Modeling and Evaluation of Murine Diabetic Cardiomyopathy Model.

Abstract

The underlying pathophysiological mechanisms of diabetic cardiomyopathy (DbCM), a leading cause of mortality among patients with type 2 diabetes mellitus (T2DM), remain poorly understood. The myocardial toxicity associated with T2DM is attributed to factors such as lipotoxicity, glucotoxicity, oxidative stress, reduced cardiac efficiency, and lipoapoptosis. Compared to rats, mice offer greater accessibility, cost-effectiveness, and broader applicability for animal experiments. Insulin resistance and impaired insulin secretion are crucial factors in the pathophysiology of T2DM. We introduce a novel nongenetic murine model that replicates the progression of human DbCM induced by a combination of high-fat diet (HFD) feeding and streptozotocin (STZ) injection.
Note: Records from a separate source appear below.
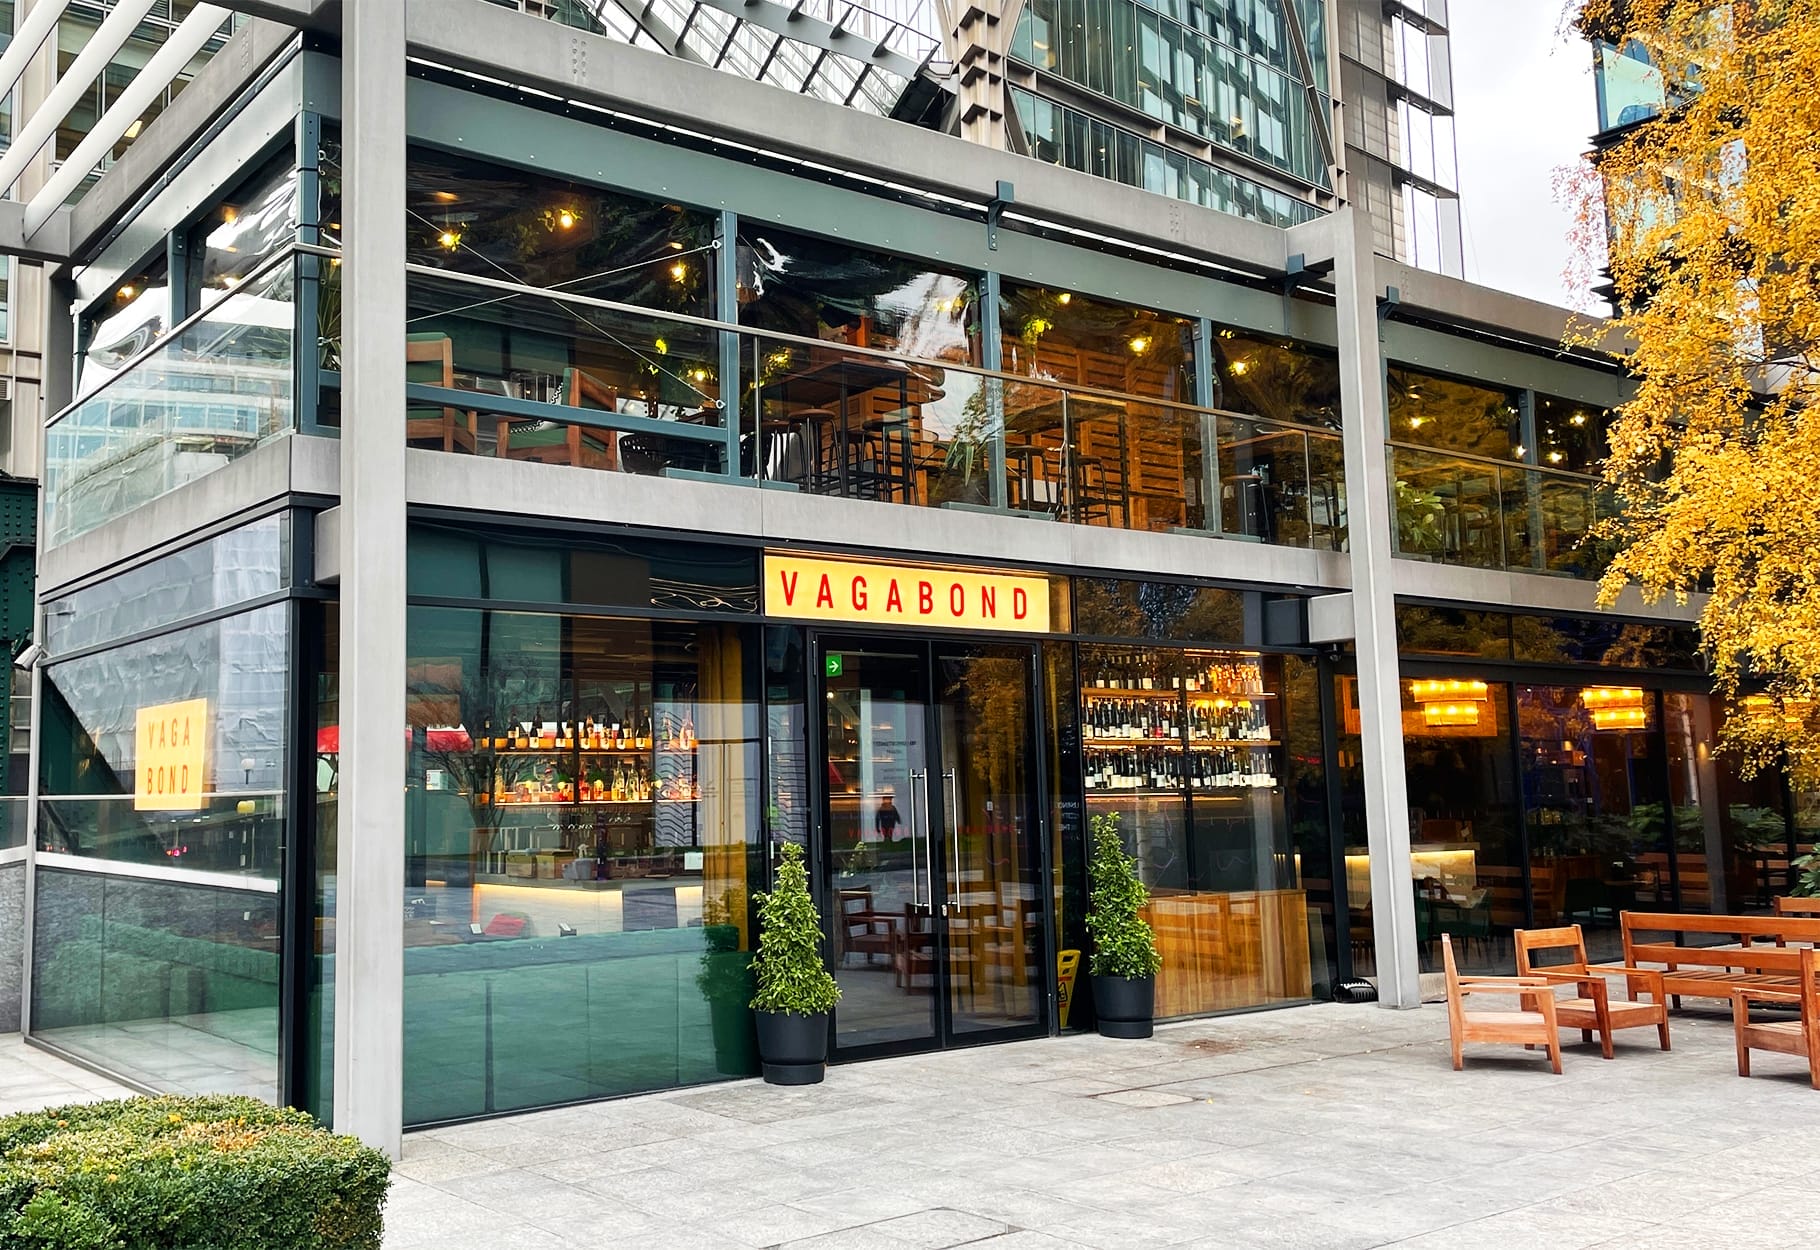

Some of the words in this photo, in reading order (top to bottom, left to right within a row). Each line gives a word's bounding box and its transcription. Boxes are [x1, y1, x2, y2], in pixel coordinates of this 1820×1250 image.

[780, 570, 1027, 619] VAGABOND
[148, 716, 190, 749] VAGA
[147, 764, 188, 795] BOND
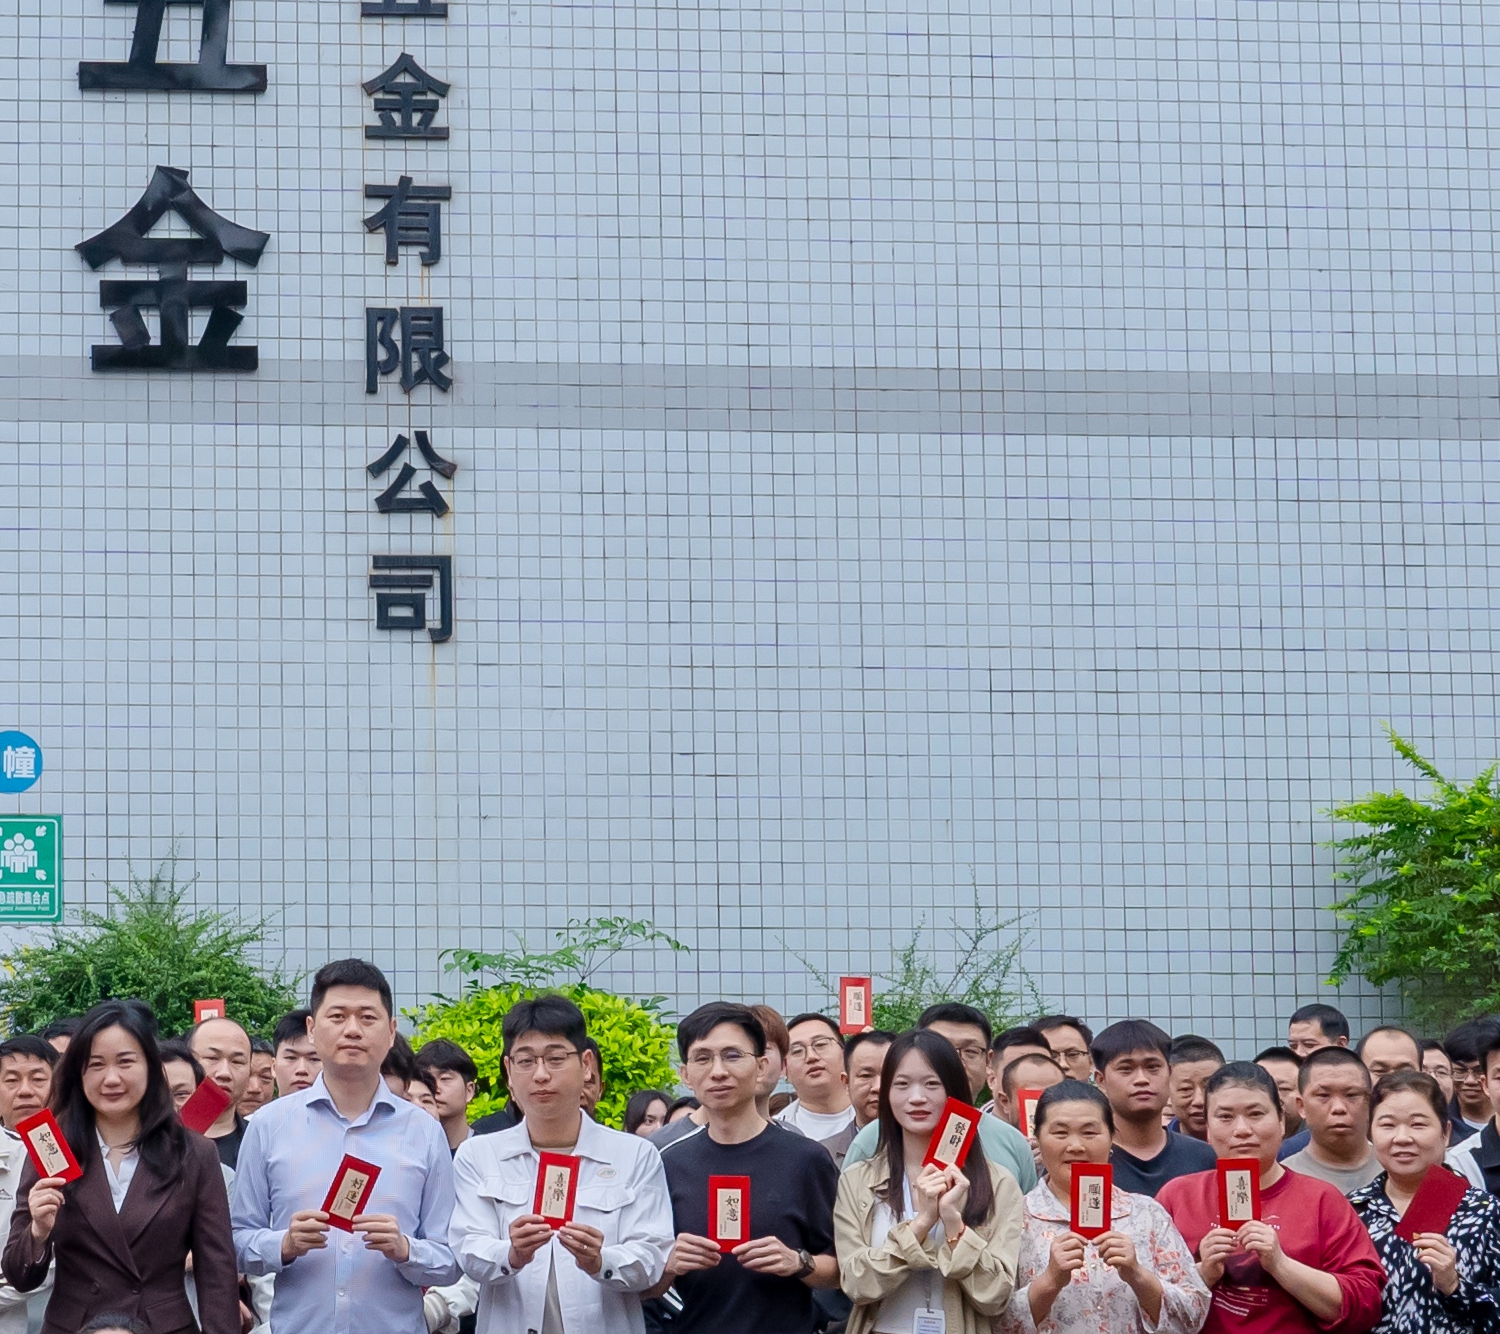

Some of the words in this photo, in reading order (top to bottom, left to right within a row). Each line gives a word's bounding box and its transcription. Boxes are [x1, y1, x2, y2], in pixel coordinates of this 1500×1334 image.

[38, 1130, 57, 1157] 如意
[948, 1120, 966, 1147] 發財
[348, 1176, 364, 1203] 好運
[724, 1195, 740, 1223] 如意
In this study, we used wild-type C57BL/6J mice, administering an HFD regimen for 12 weeks, followed by intraperitoneal injections of STZ for an additional 12 weeks to induce characteristic manifestations of T2DM. We conducted oral glucose tolerance tests and measured serum insulin concentrations to confirm the development of insulin resistance and insufficient insulin secretion. Cardiac structure and function were rigorously assessed through noninvasive transthoracic echocardiography. Pathological characteristics were evaluated through Masson's trichrome staining and wheat germ agglutinin (WGA) staining, revealing pathological features related to DbCM. Therefore, we provide a robust and versatile method for establishing a nongenetic murine model of DbCM.